Any decent Aikidoka will own at least one bokken, 木剣. Or two; or more.

I have two, and each has its own story, well, perhaps the later one.

my first bokken at the bottom, the second bokken on top

The one at the bottom was my very first one, made in Taiwan, bought in Liang Seng. Anyone who is a decent martial artist fanatic in Singapore, will know about this martial arts shop, still located at Marina Square. It was a casual purchase, and since everyone who is ‘on’ enough in Aikido, will get one of these training weapons.

I also have a jo, of course. But with any Samurai influence, the bokken, a wooden representation of the Katana, is the ego status of any budding Japanese martial artist.

Choosing a Bokken

There is no special way in choosing a bokken. really, nothing special. Wood is wood. Of course, these wood are carved, very often by a machine to take the shape of a practice sword. And other than checking for surface crack, there is really no way to ensure that the one you have is going to be the one that last.

So it is very much an economic purchase, which comes with a need. I needed a bokken for practice, which is why I got the ‘Made in Taiwan’ type. What is the difference anyway?

My Second Bokken

The darker coloured one was my second and a very expensive carved, curved wooden stick. but it reaffirmed the way I looked at a bokken, because it felt like a very different bokken.

I bought it when I went to Japan in 2000, for the 8th IAF congress, some kind of once-every-four-years pilgrimage most devoted Aikidoka will go, at least once in their life.

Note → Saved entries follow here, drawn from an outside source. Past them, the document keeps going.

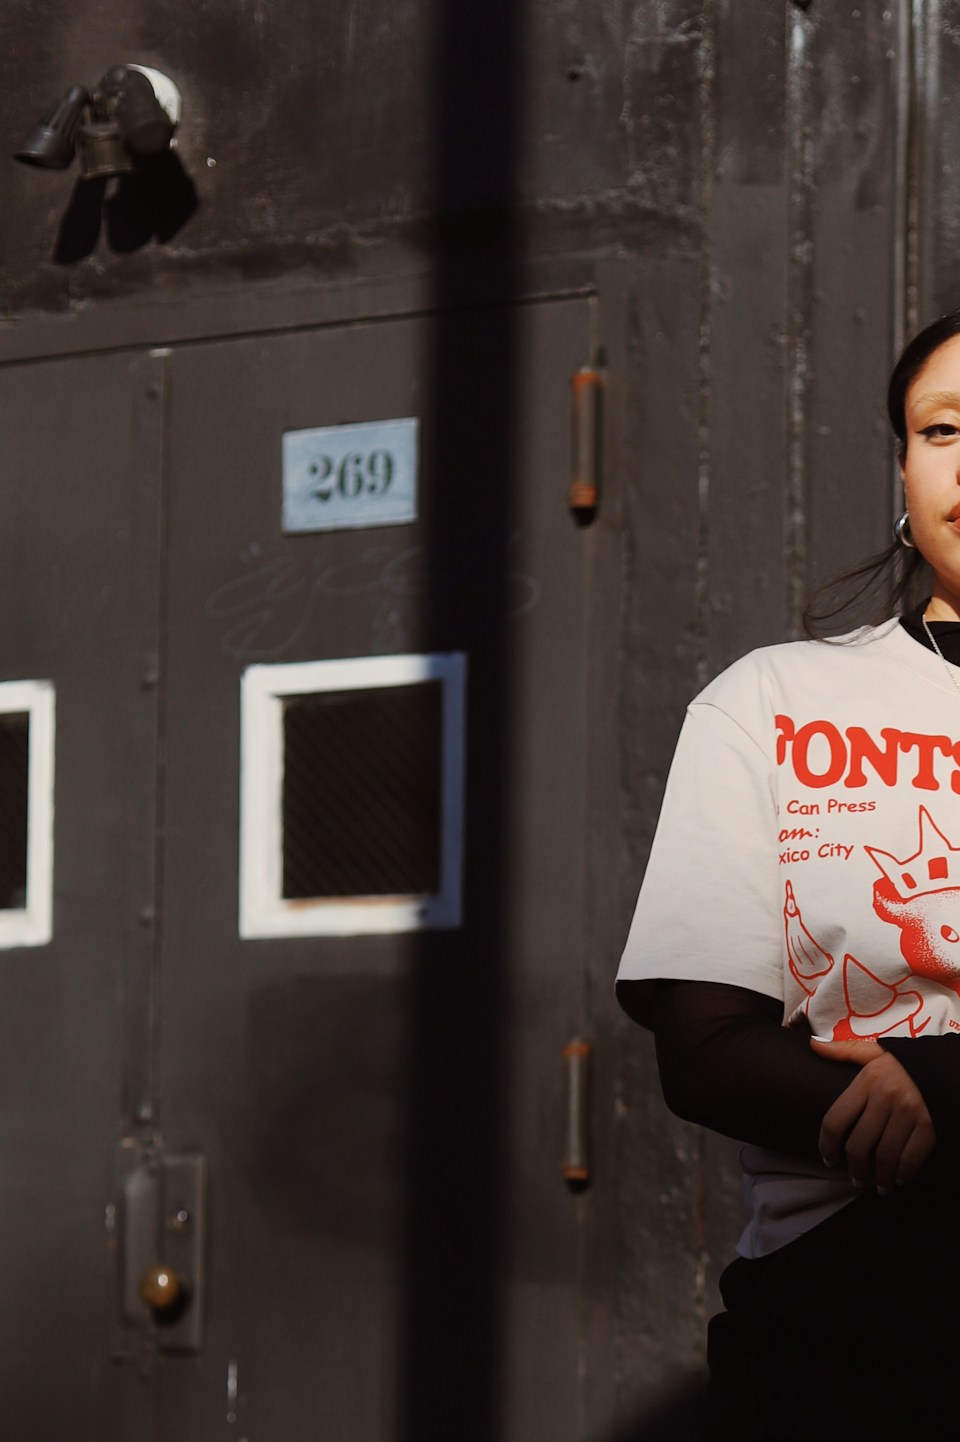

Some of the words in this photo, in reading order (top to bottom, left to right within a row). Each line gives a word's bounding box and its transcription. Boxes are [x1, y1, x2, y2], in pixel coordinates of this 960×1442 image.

[306, 447, 395, 505] 269
[786, 799, 821, 816] Can
[826, 798, 877, 814] Press
[777, 826, 820, 843] om:
[778, 847, 811, 865] xico
[817, 842, 855, 861] City

I was out with my fellow Aikido friends, and we walked into…a martial arts shop in Tokyo!

We were just browsing and didn’t really thought of buying anything. Sunny, my friend and I went up to the weapons rack and ‘toyed’ with some of their bokken and jo. They have some big-ass bokken for some really heavy-duty training. But it was this brown looking one, that I serendipitously picked up; that caught my attention.

It felt…right.

The bokken feels solid, and balanced in my hand. It got me excited, and I let Sunny held it, he nodded his head, agree in assessment that the bokken was balanced and felt good. It gives a kind of assurance and confidence when you held it, very skillfully crafted.

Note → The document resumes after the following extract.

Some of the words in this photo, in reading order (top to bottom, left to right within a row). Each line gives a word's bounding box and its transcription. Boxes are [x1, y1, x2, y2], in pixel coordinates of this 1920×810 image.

I was in Tokyo, on kind of a shoestring.

I didn’t plan to buy anything from that martial arts shop, maybe a good set of Japanese Gi, hakama, perhaps, certainly not a bokken.

I bought that bokken.

It was a happy purchase and it felt right in my hands. And to affirm my happy purchase, Sunny said he’d have bought it, had I not buy it first.

My made in Taiwan bokken on top, and the made in Japan bokken below

When I brought it back home, and excitedly pit it against my first Taiwanese made bokken, it really felt different. The Japanese one really does have a certain balance when you swing it.

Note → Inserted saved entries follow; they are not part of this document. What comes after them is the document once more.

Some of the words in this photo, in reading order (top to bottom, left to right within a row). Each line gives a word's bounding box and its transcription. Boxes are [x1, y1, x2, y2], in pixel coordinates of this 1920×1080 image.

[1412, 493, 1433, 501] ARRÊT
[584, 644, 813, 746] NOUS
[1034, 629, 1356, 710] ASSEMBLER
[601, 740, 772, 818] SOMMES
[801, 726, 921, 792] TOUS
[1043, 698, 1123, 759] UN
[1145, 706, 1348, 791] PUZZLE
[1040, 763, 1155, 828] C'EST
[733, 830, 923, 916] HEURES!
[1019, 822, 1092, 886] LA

It is a very precious purchase, and of course, I’d bring the Taiwanese one out for training, I wouldn’t want to damage my ‘silver bullet’!, but that was my mindset back then.

These days

Although that Japanese piece of wood has been with me for the past 18 years, and I liked it fondly, I’m not so attached to it so much as to not want to use it. In fact nowadays, for combined training, where the school says bring your bokken/ jo for weapons class, I have the tendency to use those already in the dojo.

It is not that I won’t like to scratch or damage, or worse, break my precious Japanese one, it is a matter of pragmatics. I have to train myself to be able to use any weapon, not just my own personal one. so my mindest these days is to use any bokken available, never mind if it is made in Taiwan, old, banged-up, I’d use it, I’d train with it, being less selective, is to be less judgmental. It is just a bokken, why get so attached to it?

On the other hand, I’m also lazy to carry 2 wooden sticks out, especially when the place of training will provide for those who didn’t have it, or didn’t bring it.

the Japanese bokken on the right have some carvings on it… the Taiwanese… just have my initials for markings
a close-up on the carvings.

The Japanese bokken

It is a valuable training tool, having the proper one, because it does help correct my swing, and balance, and you know it when you got it right, the sound of the quiet ‘whoop’ as the bokken cuts through the air. The Taiwanese one, or any bokken for that matter, will make the same sound, if you swing hard enough.

The difference is, the Japanese bokken, you don’t really have to swing it that hard, you just have to swing it correctly, and when you hear that sound, you know you are corrected.

(I have a blue band around both bokken, as it is a universally accepted colour, especially in the military to represent dummy, training, inert equipment. Besides, it is quite signature, and provide me with easy identification, in a mass training classes, with too many bokken and jo mixed together.)